Joint sparse coding and temporal dynamics support context reconfiguration

2026-05-11Machine Learning

Machine LearningNeural and Evolutionary Computing
AI summary

The authors studied how the brain can switch between different situations without forgetting what it learned before. They found that the brain uses a combination of sparse coding—where only some neurons are active in each context—and timing patterns in neural activity to keep memories separate and stable. They showed these ideas also work in computer models, which could help prevent forgetting in AI systems that learn over time. This suggests that sparse coding and timing are key ways the brain adapts flexibly but keeps old knowledge intact.

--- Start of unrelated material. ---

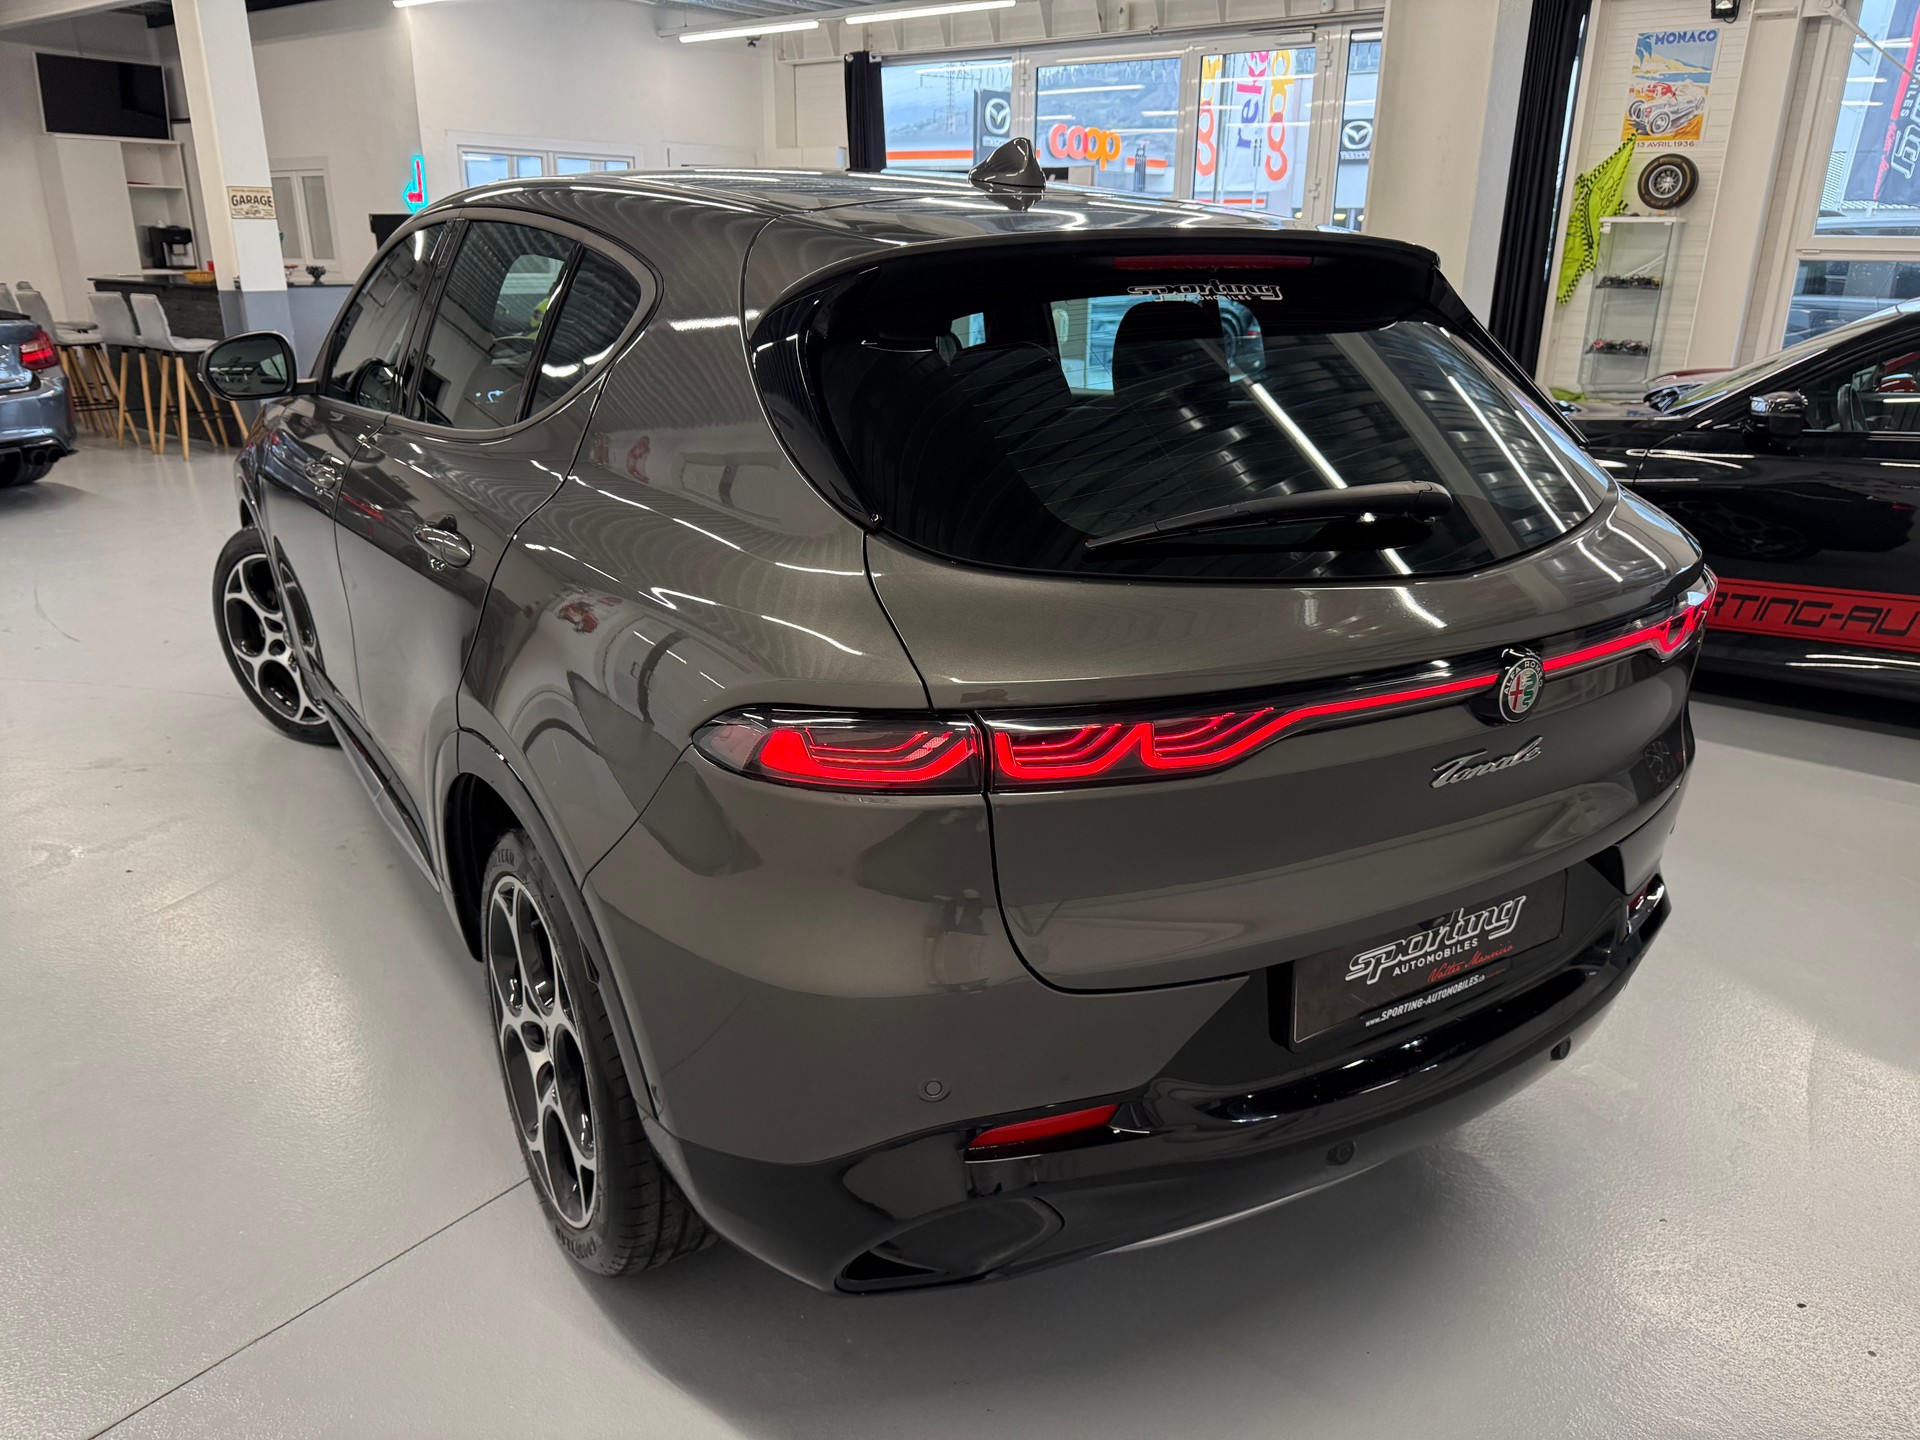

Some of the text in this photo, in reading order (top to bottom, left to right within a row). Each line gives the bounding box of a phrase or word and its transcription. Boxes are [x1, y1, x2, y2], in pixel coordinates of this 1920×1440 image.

adaptive behaviorsparse codingmedial prefrontal cortextemporal dynamicscontext representationlifelong learningcatastrophic forgettingspiking neural networksneural representationscross-context interference
Authors
Qianqian Shi, Yue Che, Faqiang Liu, Hongyi Li, Mingkun Xu, Sandra Reinert, Pieter M. Goltstein, Rong Zhao, Luping Shi
Abstract
Adaptive behavior requires the brain to transition between distinct contexts while maintaining representations of prior experience. The ability to reconfigure neural representations without erasing previously acquired knowledge is central to learning in dynamic environments, yet the neural mechanisms that support this balance remain unclear. Understanding these mechanisms is also critical for addressing catastrophic forgetting in artificial systems designed for lifelong learning. Here, we identify joint sparse coding and temporal dynamics in both the mouse medial prefrontal cortex (mPFC) and computational networks as mechanisms that help preserve prior representations during context transitions. Specifically, sparsity in context-dependent representations reduces cross-context interference, whereas temporal dynamics within the network activity further enhance context separability across time. Strikingly, networks endowed with both properties, such as spiking neural networks, exhibit improved retention during lifelong learning without auxiliary heuristics. These findings establish joint sparse coding and temporal dynamics as a core mechanism supporting flexible context reconfiguration in lifelong learning and, through their activity constraining nature, as an energy-efficient architectural principle for stable adaptation. Together, they provide a mechanistic framework for understanding how the brain preserves prior knowledge while flexibly adapting to new contexts.